# Some Questions Regarding 5x5 & GVT!



## Vanchatron (Sep 25, 2006)

*SORRY FOR THE LONG THREAD, BUT ANY HELP IS GREATLY APPRECIATED!*
​
I'm 21 years old & have been bodybuilding now for around 6 years. A few months ago I came across the Bill Starr 5x5 workout program, which is shown in the following link - Bill Starr - Glenn Pendlay 5x5 - Periodized Version, Dual Factor Theory

I found this program to be amazing in Strength/Size increases. I then came across another link, which explains what to do AFTER the 5x5 program.
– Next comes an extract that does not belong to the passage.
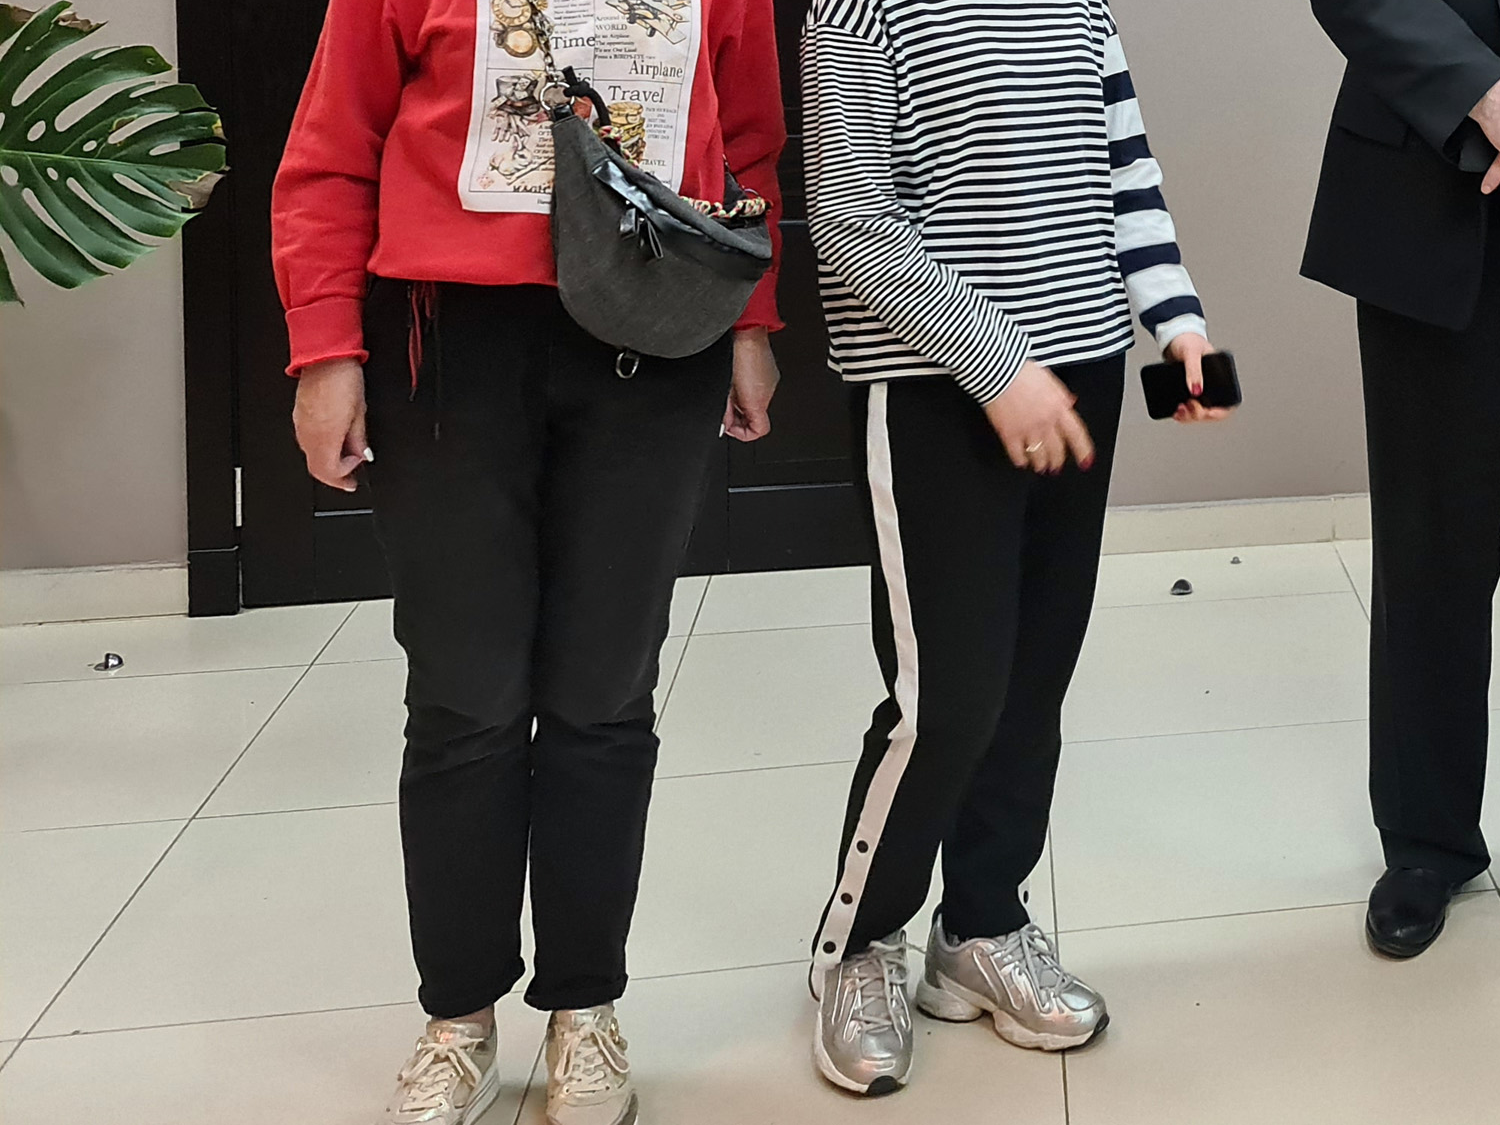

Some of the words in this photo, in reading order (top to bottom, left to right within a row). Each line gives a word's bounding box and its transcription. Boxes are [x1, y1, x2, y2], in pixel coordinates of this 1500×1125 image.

He says that after the 5x5, you should do a cycle of EDT (Escalating Density Training) or GVT (10x10 German Volume Training) in order to break out of the high weight training & shock your body into producing more muscle, by incorporating more volume.

I won't ask you to read through the WHOLE thread I'm linking but I'd greatly appreciate it if you could at least read through the specific POST I link to, as that's generally what I'm asking about in this thread. And who knows, you may learn something!
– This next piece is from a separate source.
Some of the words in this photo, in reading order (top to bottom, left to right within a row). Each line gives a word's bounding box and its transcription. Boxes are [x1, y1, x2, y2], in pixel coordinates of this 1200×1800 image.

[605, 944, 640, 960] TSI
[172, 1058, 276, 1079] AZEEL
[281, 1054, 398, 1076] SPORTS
*The Original Thread* - Eclipse Gym :: View topic - Bill Starr 5x5 Primer - How to create your own 5x5 program

*The Specific Post I Need Help Understanding* - Eclipse Gym :: View topic - Bill Starr 5x5 Primer - How to create your own 5x5 program

As far as I know, he's basically saying carry on with the 5x5 method of training which is SQUATS/BENCH/ROW on Mondays & Fridays and SQUATS/DEADS/MILITARY PRESS/PULLUPS on Wednesdays, BUT this time you do 10x10 instead of 5x5. I've added a picture in, to show what a typical 5x5 program looks like.

*Picture* - http://img02.picoodle.com/img/img02/3/10/16/f_Madcow5x5m_10bdb3b.jpg

Am I right then in thinking that he means use the above program, but just do 10x10 instead of 5x5? If so, I have a few questions:

- Surely doing the Bill Starr routine but using 10x10 instead of 5x5, would cause overtraining & be counter-productive to gains wouldn't it? I mean, I thought that with high volume routines such as GVT, you needed extra rest due to the very fact it is HIGH VOLUME, but the Bill Starr routine has you training the same muscle group/exercises 2-3 times a week. What do you make of this?

- In the original Bill Starr 5x5 article shown in the very first link, he says to NEVER substitute the exercises for other variations (e.g. Back Squats for Front Squats) because the exercises chosen are THE BEST for what you are trying to achieve. OK, well this may be true, but what happens when you stop growing or making progress on an exercise, because your body has become adapted to it? Surely I can't be squatting 3 times a week in BOTH routines (5x5 & 10x10) and carry on making progress. For this reason, would it not be a good idea to perhaps do Back Squats for the 5x5 routine, and Front Squats for the 10x10 routine so that I don't get accustomed to a specific exercise? I guess this also goes for the other exercises used in the 5x5 which are Bench/Row/Deadlift/Military Press. Would it be a good idea to also switch THEM up for something like DB Bench/DB Row/Rack Deads/DB Military Press? I'm just a little concerned that I'll plateau on a particular exercise because I'll be doing it for so long without any change, but I'm also concerned about actually substituting the exercise for something else, because like I said, in the Bill Starr article about 5x5 above, he says that bodybuilders have a ridiculoud tendency to want to CHANGE everything, and that's one of the reasons people don't make progress.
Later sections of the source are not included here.